Esta suspiró. Tenía toda la pinta de haber recuperado la calma.
– Hace unos días fui a comprar algo, da igual qué -dijo, alejando con la mano la pregunta que no le había hecho-, y me rechazaron la tarjeta de crédito. Les dije que era imposible, que tenía saldo suficiente. Pero no, la dependienta llamó a la empresa de la tarjeta de crédito e insistieron en que habíamos sobrepasado el límite. -A John se le revolvieron las tripas como nunca en su vida. Sabía perfectamente qué venía a continuación-. Así que dejé todo en el mostrador y volví al coche muerta de vergüenza. Cuando llegué a casa, miré en Internet los movimientos de nuestra cuenta y, ¿a que no sabes lo que me encontré? -Se produjo un largo silencio. Ella tragó saliva y se secó los ojos. Cuando finalmente habló, lo hizo intentando controlar la voz con todas sus fuerzas-. Yo nunca te he engañado. Ni una sola vez. ¿Los resultados de la prueba de ADN fueron como esperabas? ¿Tengo que felicitarte? Lo de la fianza mejor ni te lo pregunto.
– Amanda -dijo él en voz baja-, puedo explicártelo.
– Sí, ya -le espetó ella antes de romper a llorar con un llanto entrecortado. John hizo amago de levantarse para acercarse a Amanda, pero esta levantó la mano para impedírselo -. Por favor, no lo hagas. Déjame adivinar… Fuma, ¿verdad? Es la que estaba en tu habitación justo antes de que yo llegara, ¿no? ¿El perro también es suyo? Porque no pienso devolvérselo. A él no. -Booger se acercó a ella y se sentó sobre sus pies. Le lamió las manos y miró acusadoramente a John-. Espero que dejara de fumar durante el embarazo -continuó diciendo Amanda-. ¿El bebé está bien?
John respiró hondo.
– No hay ningún bebé y nunca lo ha habido. Había un punk de diecisiete años con el pelo verde que se apellidaba Pinegar. Le pagué la fianza para sacarlo de la cárcel.
Amanda se quedó petrificada. Detuvo la mano en medio del lomo de Booger. Este se volvió para ver qué pasaba y empezó a mordisquearse y a rascarse bajo los rombos de color pastel del jersey.
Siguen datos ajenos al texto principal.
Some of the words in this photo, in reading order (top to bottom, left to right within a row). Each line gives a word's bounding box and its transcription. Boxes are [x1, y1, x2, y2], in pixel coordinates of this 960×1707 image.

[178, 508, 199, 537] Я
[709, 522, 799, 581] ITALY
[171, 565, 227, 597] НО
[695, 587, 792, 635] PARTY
– Pinegar, sí. Hice cálculos y creí que era su padre. Pero no lo soy. Ginette ni siquiera es su madre. Sus padres me han enviado un cheque para devolverme lo de la fianza.
– ¿Ginette Pinegar? ¿Creías que tenías un hijo de Ginette Pinegar?
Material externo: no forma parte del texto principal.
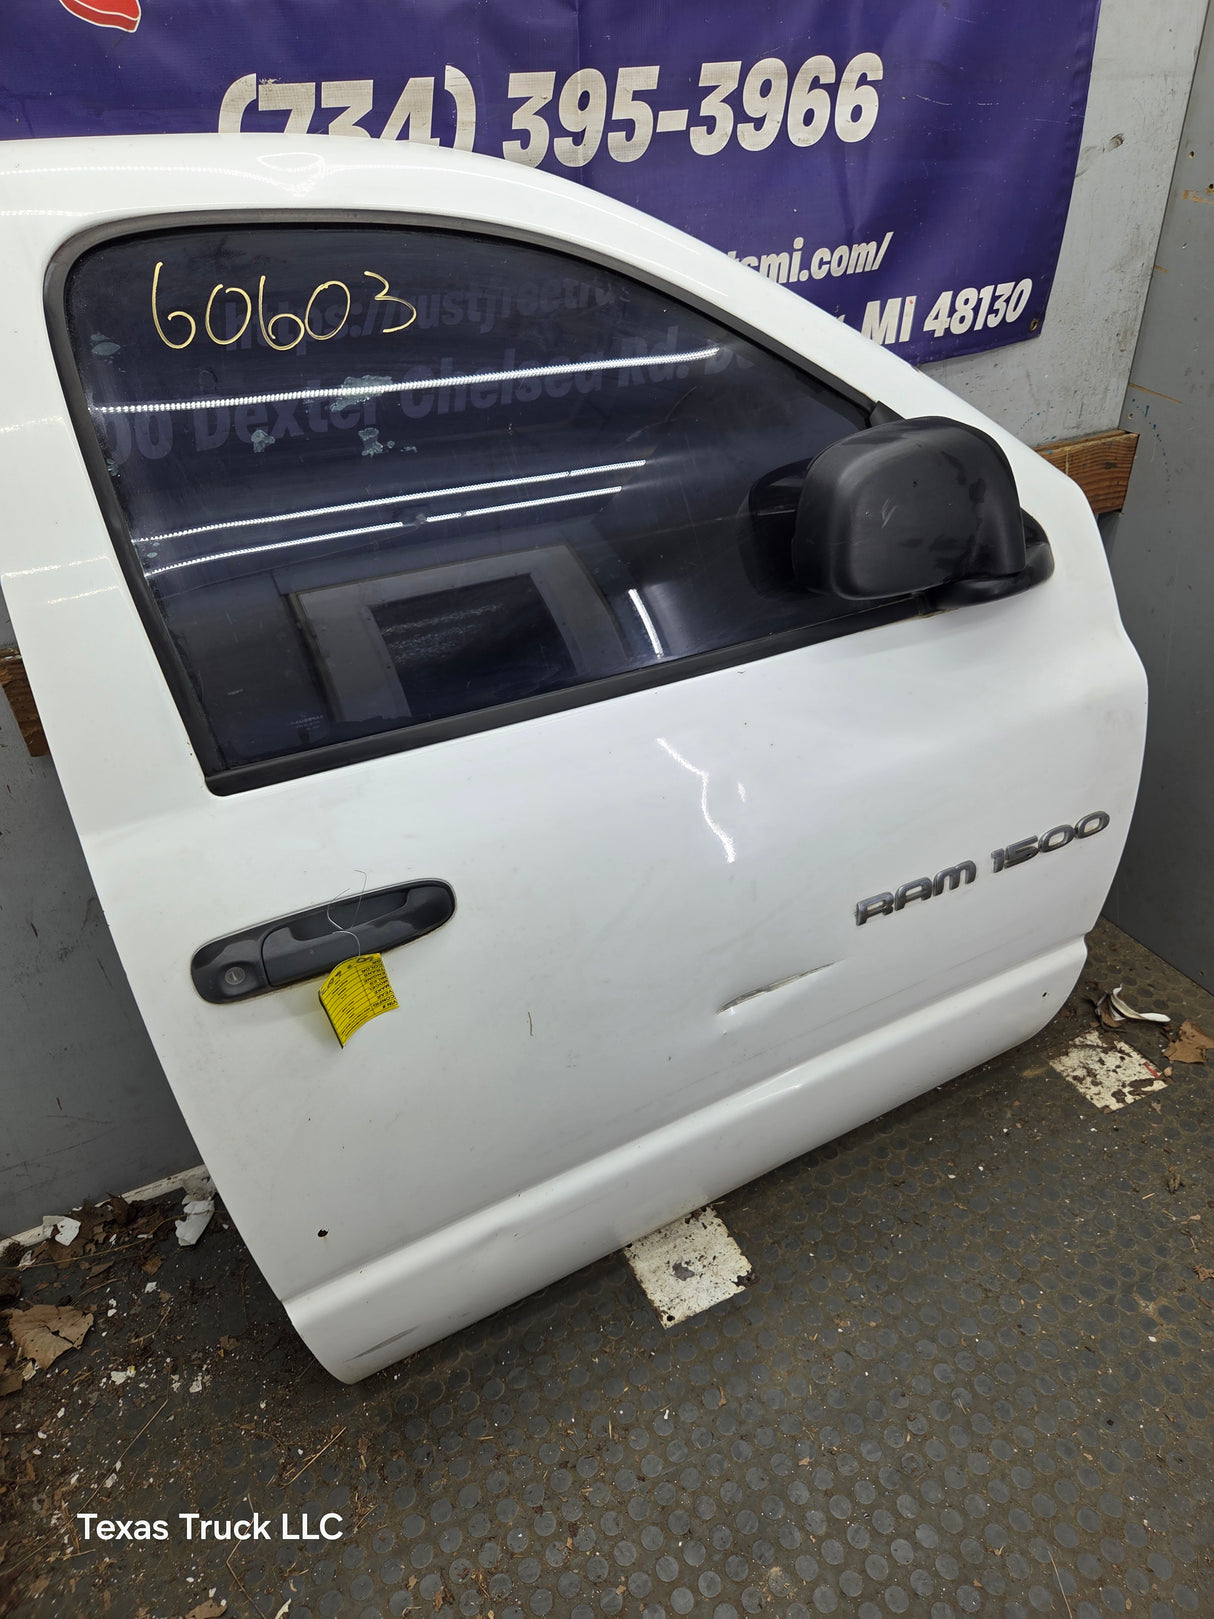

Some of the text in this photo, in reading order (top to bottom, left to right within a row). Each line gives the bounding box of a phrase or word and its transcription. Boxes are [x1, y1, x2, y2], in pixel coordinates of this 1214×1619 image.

[218, 52, 884, 168] (734) 395-3966
[727, 231, 894, 285] mi.com/
[151, 260, 417, 350] 60603
[861, 295, 917, 345] MI
[922, 277, 1033, 338] 48130
[854, 810, 1111, 927] RAM 1500
– No sé, ¿cuántos Pinegar puede haber en el mundo? -preguntó, recostándose sobre los cojines, con la sensación de que alguien le estaba pasando un picador de hielo por el lóbulo frontal.
– ¿Nunca me has engañado?
– Nunca. Jamás en la vida.
Al cabo de unos segundos, Amanda se lanzó, literalmente, sobre la mesita de centro y aterrizó en su regazo. Antes de que él fuera consciente de lo que estaba pasando, ella ya le había puesto los brazos alrededor del cuello y lloraba sobre su pelo.